Jean-Paul Riopelle (1923-2002) was an internationally acclaimed painter and sculptor. Born in Montreal, he studied art with Paul-Emile Borduas at the Ecole du Meuble, where he was introduced to Surrealism and Abstraction. Between 1942 and 1945, Riopelle, Borduas and a number of Borduas’ students, formed a group known as the Automatistes, named for their spontaneous or “automatic” method of painting. Riopelle exhibited with the Automatistes in Montreal in 1946 and 1947, and signed the Refus Global manifesto, an anti-establishment and anti-religious manifesto written by Borduas, in 1948.

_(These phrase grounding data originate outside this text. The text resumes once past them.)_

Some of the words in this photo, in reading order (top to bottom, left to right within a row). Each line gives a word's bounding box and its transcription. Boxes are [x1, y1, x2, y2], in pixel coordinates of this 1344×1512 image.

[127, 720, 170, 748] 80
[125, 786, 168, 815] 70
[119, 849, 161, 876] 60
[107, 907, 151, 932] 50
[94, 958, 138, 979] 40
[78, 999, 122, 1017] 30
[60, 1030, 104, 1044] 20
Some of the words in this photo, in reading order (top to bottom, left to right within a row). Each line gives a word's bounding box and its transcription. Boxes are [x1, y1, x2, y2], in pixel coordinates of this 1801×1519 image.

In 1948 Riopelle settled in France. He had his first solo exhibition at a surrealist meeting place called the Galerie La Dragonne (Paris), in 1949. Riopelle emerged into the Parisian cultural scene shortly after and his reputation grew quickly. His work appeared in major retrospectives at international museums and galleries, including the Musee d’Art Moderne de la Ville de Paris.

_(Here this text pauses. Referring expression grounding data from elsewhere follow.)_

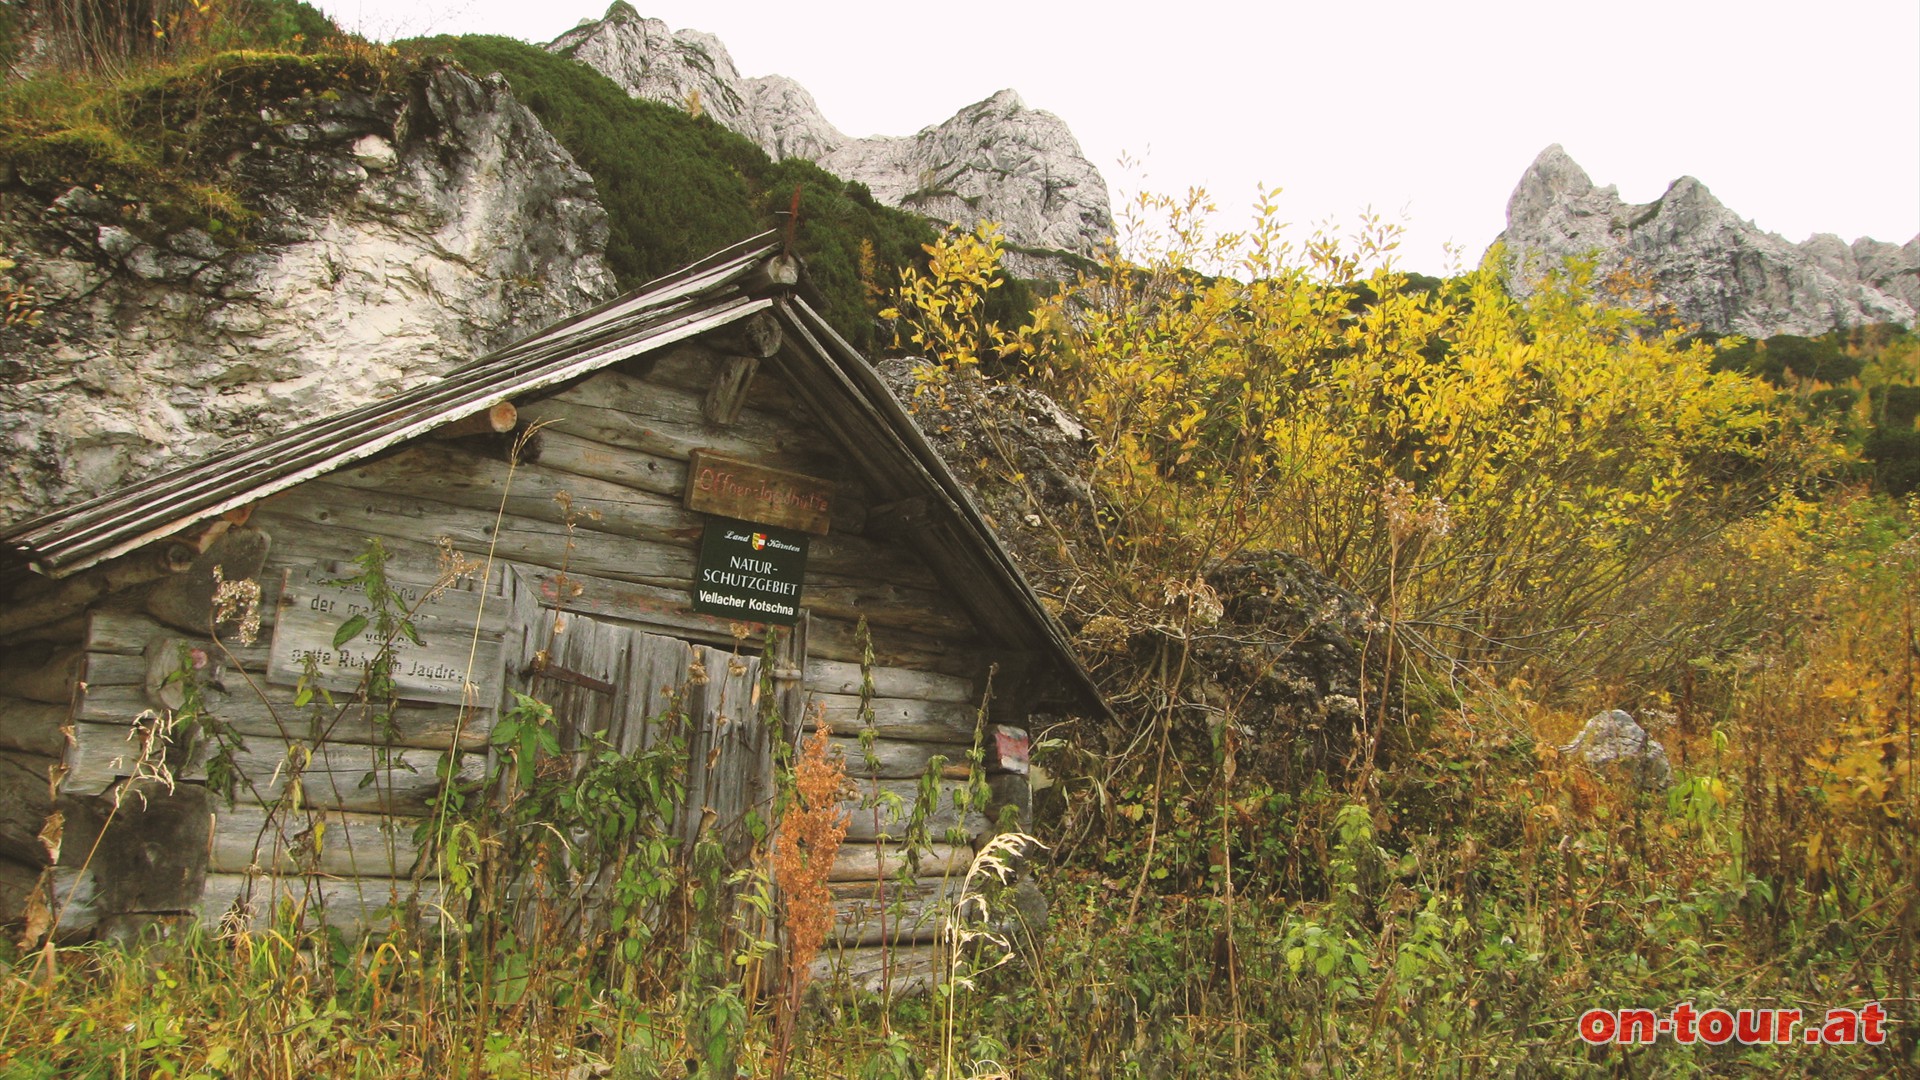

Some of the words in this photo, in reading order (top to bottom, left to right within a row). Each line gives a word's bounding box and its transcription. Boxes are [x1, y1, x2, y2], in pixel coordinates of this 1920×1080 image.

[724, 530, 751, 543] Land
[766, 539, 801, 553] Kärnten
[729, 555, 779, 575] NATUR-
[702, 568, 799, 596] SCHUTZGEBIET
[310, 594, 335, 614] der
[699, 590, 747, 609] Vellacher
[748, 598, 795, 616] Kotschna
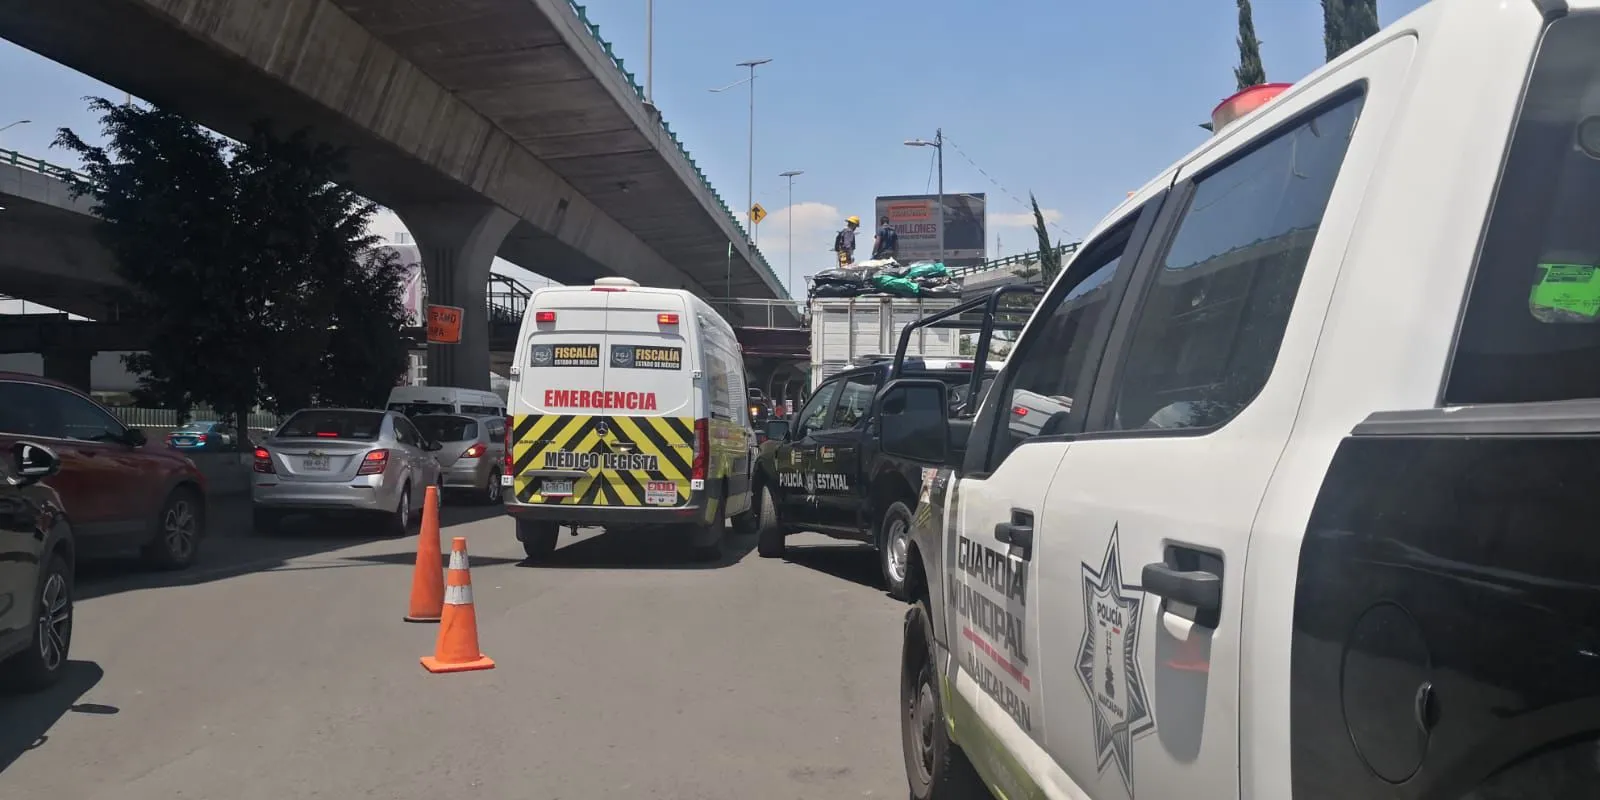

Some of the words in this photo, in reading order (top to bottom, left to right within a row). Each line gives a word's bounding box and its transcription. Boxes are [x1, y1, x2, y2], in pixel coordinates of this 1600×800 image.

During this time, Riopelle moved from the Surrealist style to Lyrical Abstraction, and began to take more risks with his art. He began to experiment with gestural brushstrokes, squeezing paint from the tube directly onto the canvas, and using a palette knife to create mosaic-like surfaces of paint. He pioneered a style of painting in which large quantities of paints, in a variety of thick colours, were applied to a canvas with a trowel. During the 1960s Riopelle began to renew his ties with Canada, with exhibitions held at the National Gallery of Canada, Ottawa (1963) and the Musée du Quebec (1967). In 1972, he settled once again in Quebec, making his home and studio in the Laurentians. He died at Isle-aux-Grues, Quebec.
And I quote:
“To recall the past… is to exercise my write to make mistakes, to get things wrong…” “I have the right to stray from reality, not always stick to the truth.”